Life insurance quotes and the dead peasant scam
Now before you get too upset by the title to this article, let’s just clarify the terminology. A dead peasant life policy is a new variation on an old theme and the lawyers who have suddenly discovered the practice intended the description to disturb and distress the courts where the first cases have been heard. So what exactly are we talking about here? From the early days, it’s been considered entirely proper for a small business to insure the lives of key employees. These are people it’s going to be very difficult to replace so, while the business looks for a new person to take over, the insurance payout provides a cash sum that covers any loss of profit. This is usually the person with the best skills everyone else relies on but, as a means of ensuring a smooth business succession, the same type of policy has been applied to small companies where the lives of the two or three directors are insured. Should one die young, the payout buys that director’s shares. This gives a cash payment to the family and keeps control of the company in the hands of the remaining directors. So far, so good.

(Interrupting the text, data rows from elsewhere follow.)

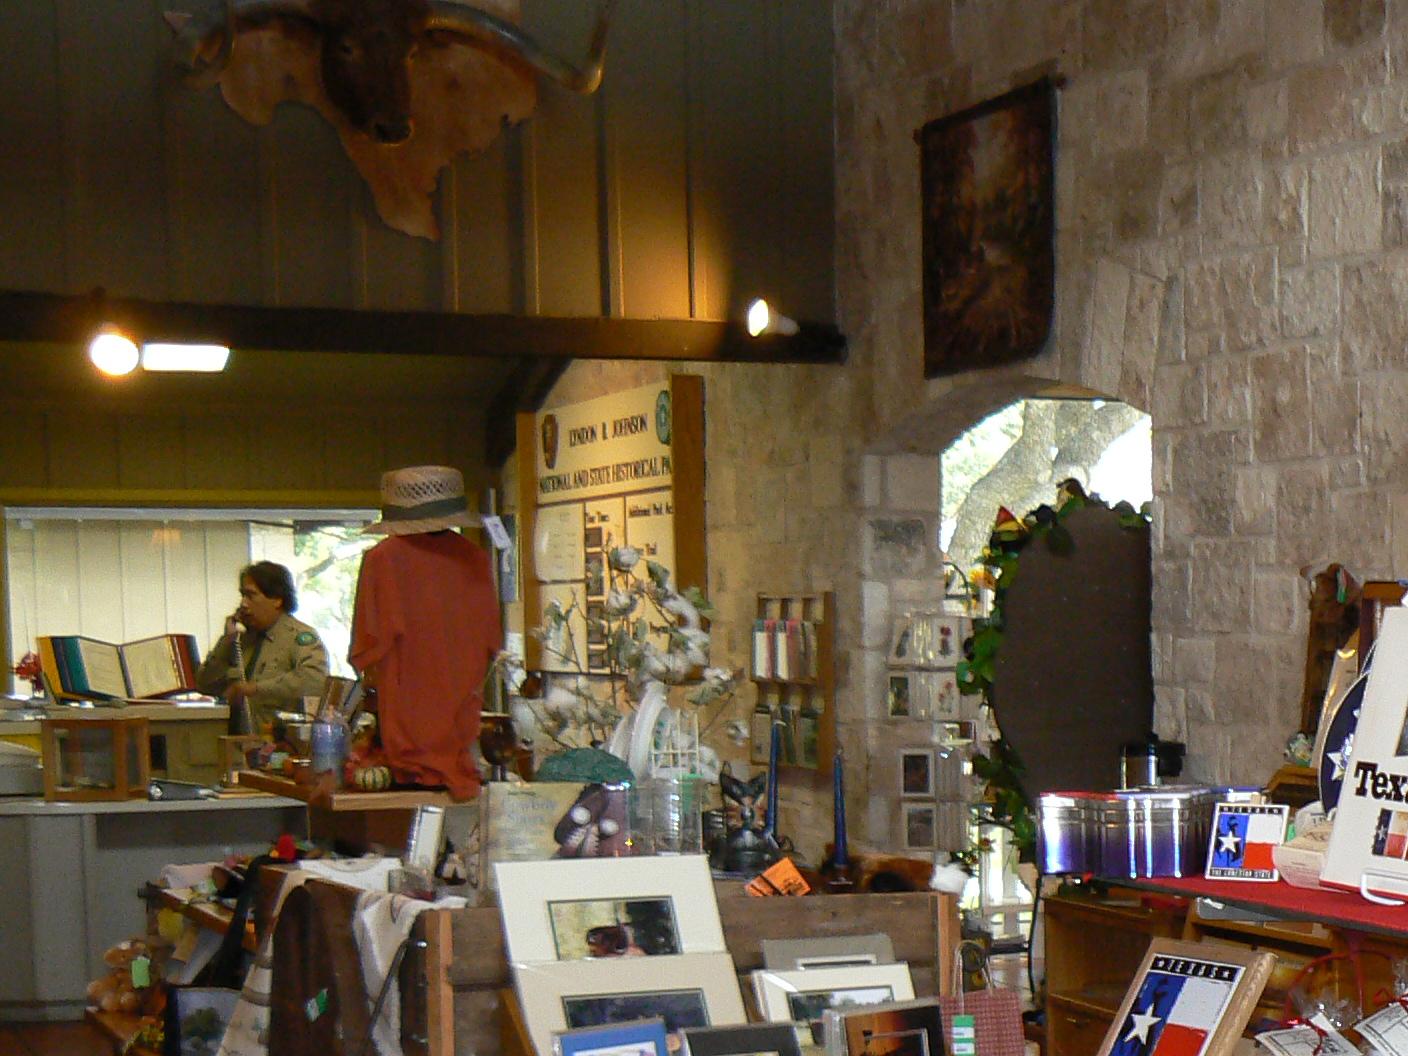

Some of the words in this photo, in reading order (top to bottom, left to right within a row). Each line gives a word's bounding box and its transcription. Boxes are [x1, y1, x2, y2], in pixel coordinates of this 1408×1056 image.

[612, 413, 648, 438] JOHNSON
[573, 469, 588, 488] AND
[589, 466, 610, 486] STATE
[611, 456, 657, 482] HISTORICAL
[1167, 958, 1219, 978] TEXAS

A number of large companies have been quietly expanding the insurance protection to hundreds and, in some cases, thousands of employees. So we have gone beyond the key people and now insure the lives of all the peasants. From the company’s point of view, this provides real tax benefits while the employees are alive and they get to collect a tax-free benefit when the employees die. If the company needs to borrow money, the cash value of the policies has been good security for the loan. In most cases, the companies have not informed their employees of this insurance.

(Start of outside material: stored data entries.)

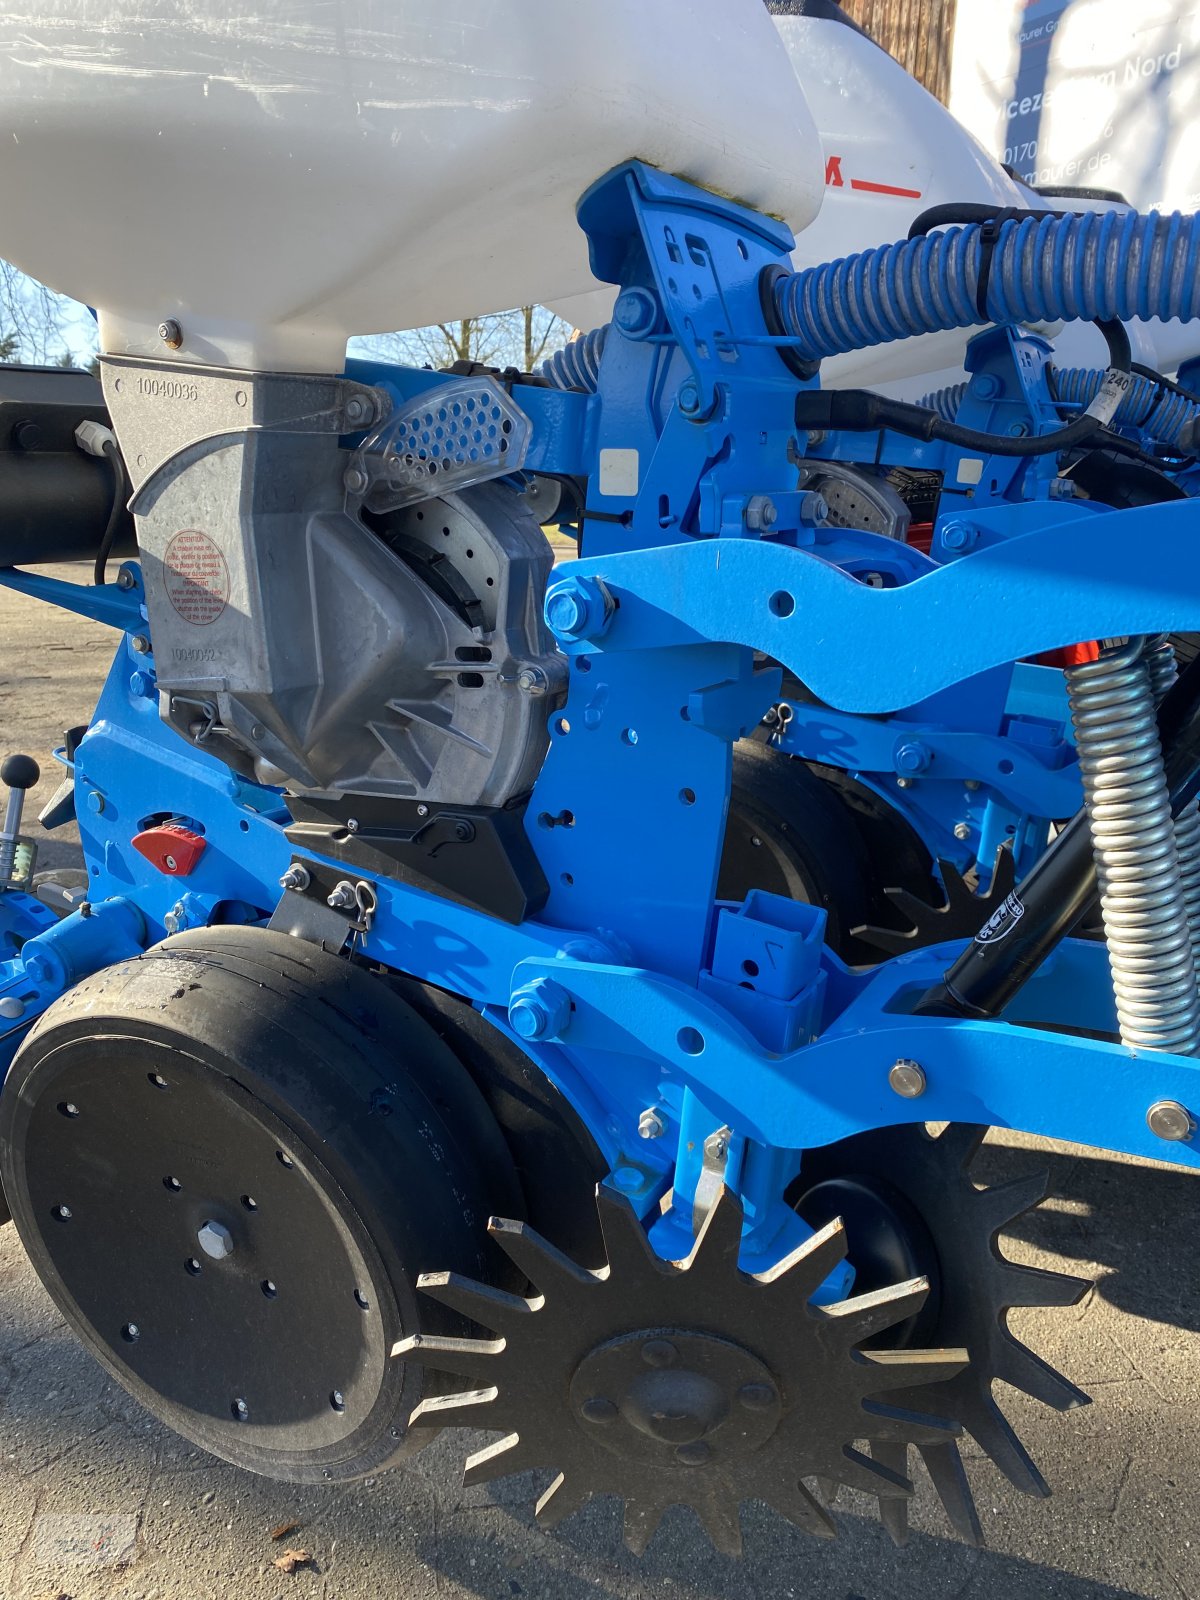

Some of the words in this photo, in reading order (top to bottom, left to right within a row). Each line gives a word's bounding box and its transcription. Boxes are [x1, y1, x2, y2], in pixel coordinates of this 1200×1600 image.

[1018, 26, 1044, 43] aurer
[1123, 43, 1182, 87] Nord
[1003, 140, 1038, 165] 0170
[1020, 151, 1112, 187] maurer.de
[136, 377, 198, 402] 10040036
[1107, 373, 1129, 391] 240

To understand exactly what can happen, let’s travel to Texas and look in on the Amegy Bank. Here a young Mr Johnson was diagnosed with brain cancer. The bank told him he was eligible for life cover paying $150,000. Not surprisingly, he accepted the offer and began to pay the premiums (there was no medical examination, everything being organized by the bank). A few months later, the bank fired him. This also terminated the insurance cover so he had paid the premiums and got nothing. When he died shortly after, the insurance company mistaken sent his widow a check for $1.5 million. That’s when the family discovered they had a dead peasant in their family. Attorneys are now suing the Bank alleging fraud both in the bank’s failure to disclose the medical condition to the insurer, and in taking the premium payments before terminating the employment. This is a single case of an employee being insured without his knowledge. Winn-Dixie secretly got life insurance quotes for and insured 36,000 employees.

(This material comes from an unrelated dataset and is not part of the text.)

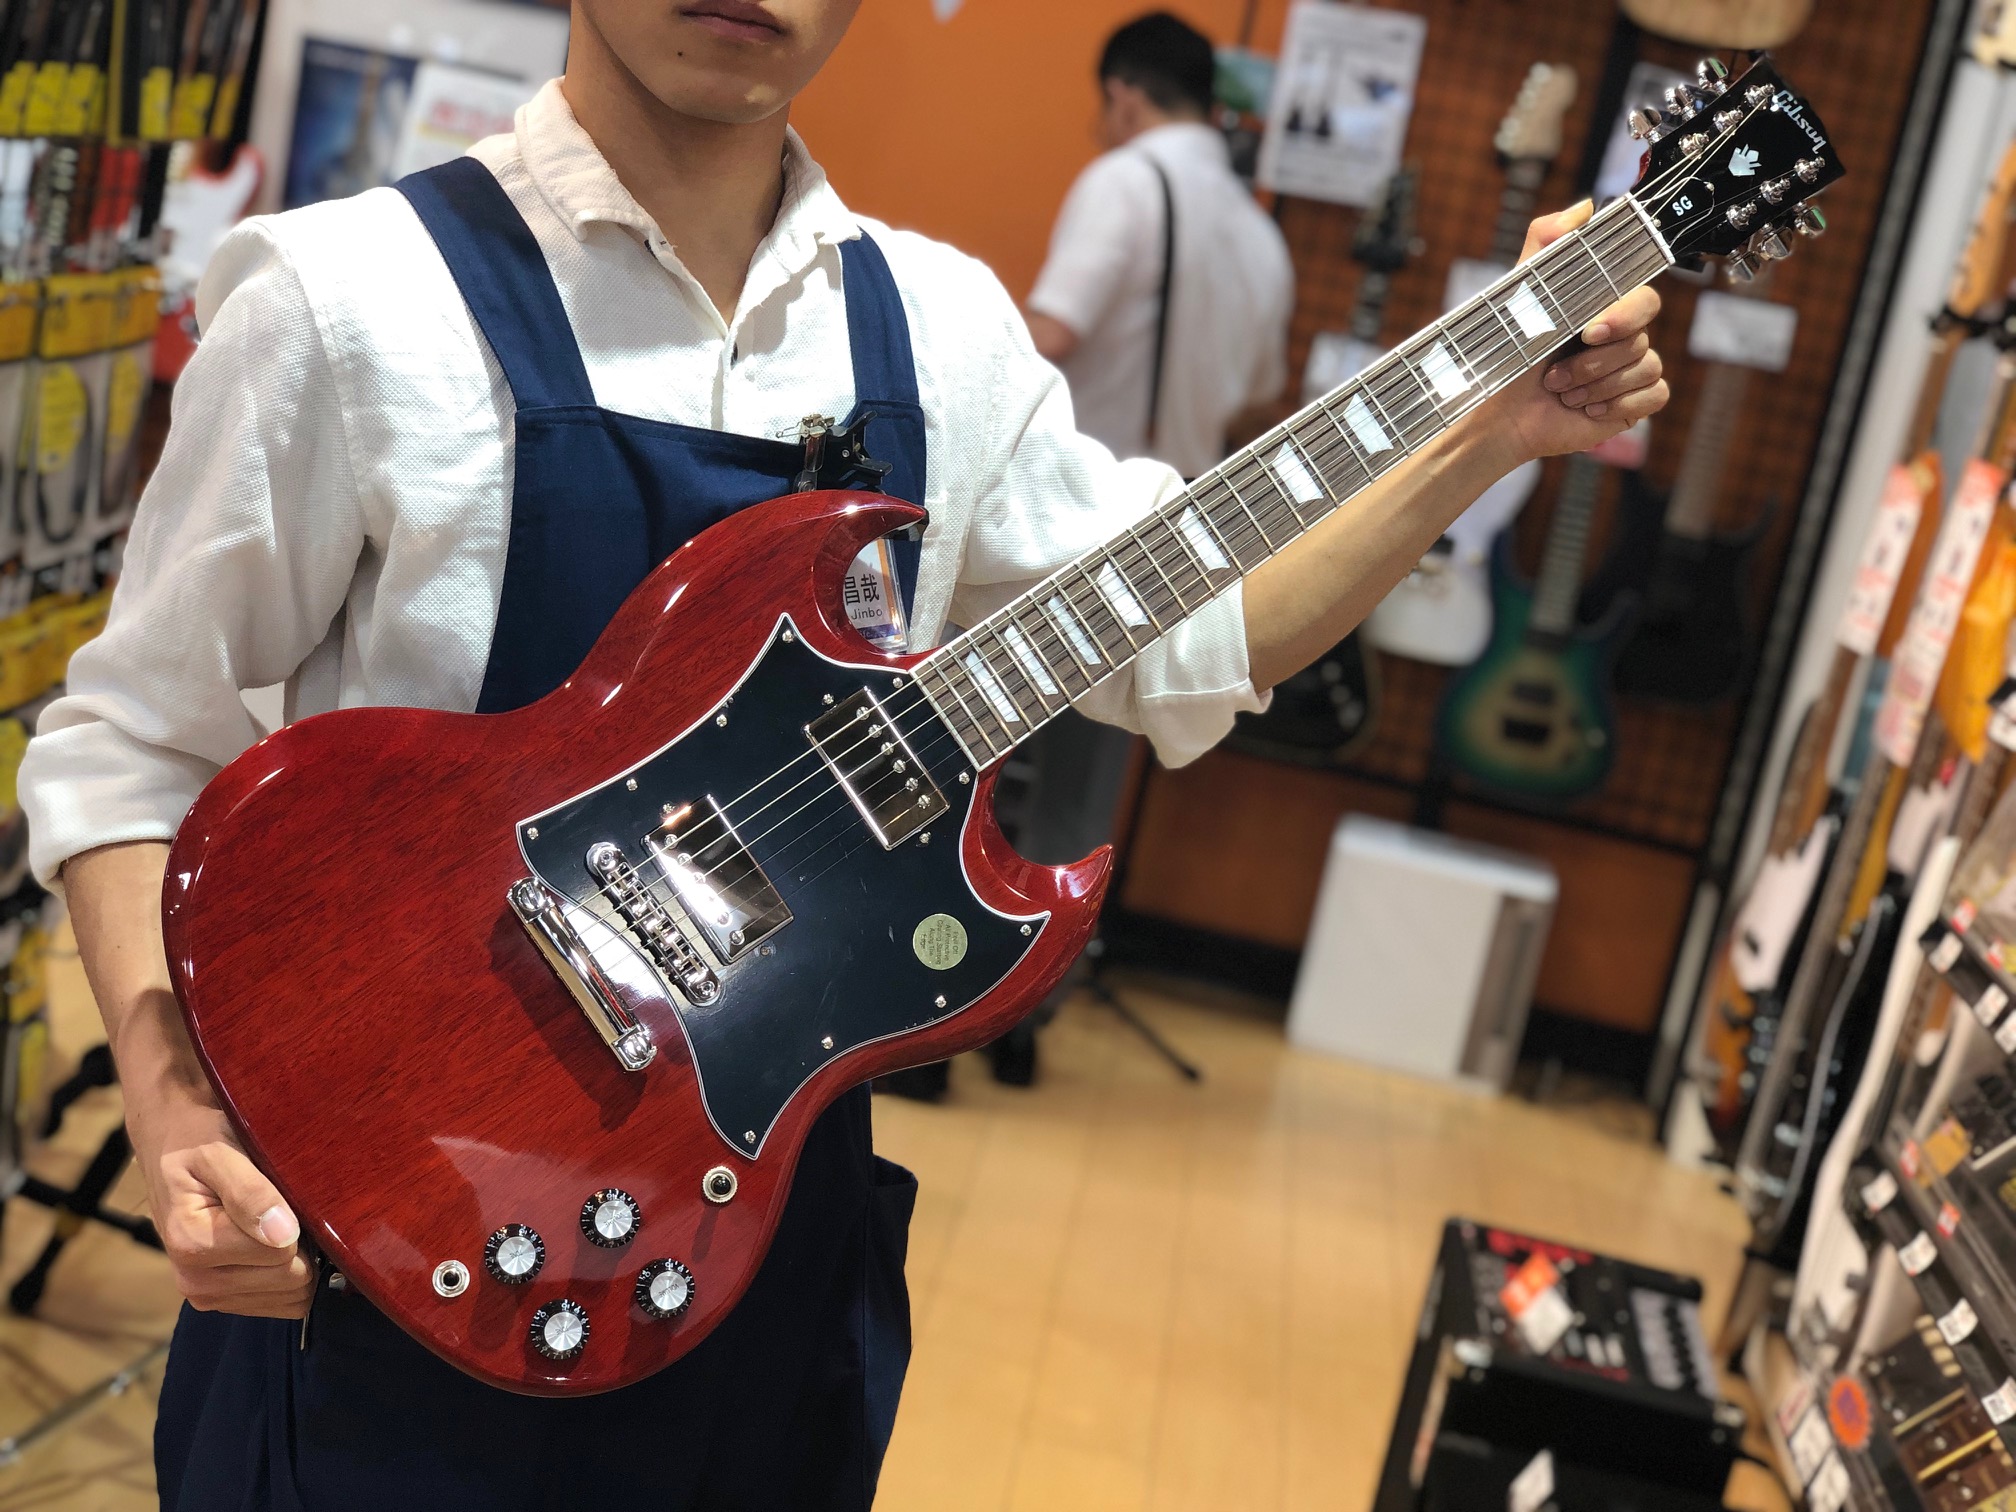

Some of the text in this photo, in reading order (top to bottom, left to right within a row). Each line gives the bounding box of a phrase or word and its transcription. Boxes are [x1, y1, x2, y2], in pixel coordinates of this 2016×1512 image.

Apart from the fact it gives employers a motive for speeding the deaths of their employees, say by running the business with unsafe working practices, this is morally dubious. So much so that federal law now requires employers to get the consent of their employees in writing before getting life insurance quotes. Note this is not retrospective, i.e. it does not affect all the policies that may already have been bought. The other unknown is how strictly the law will be enforced.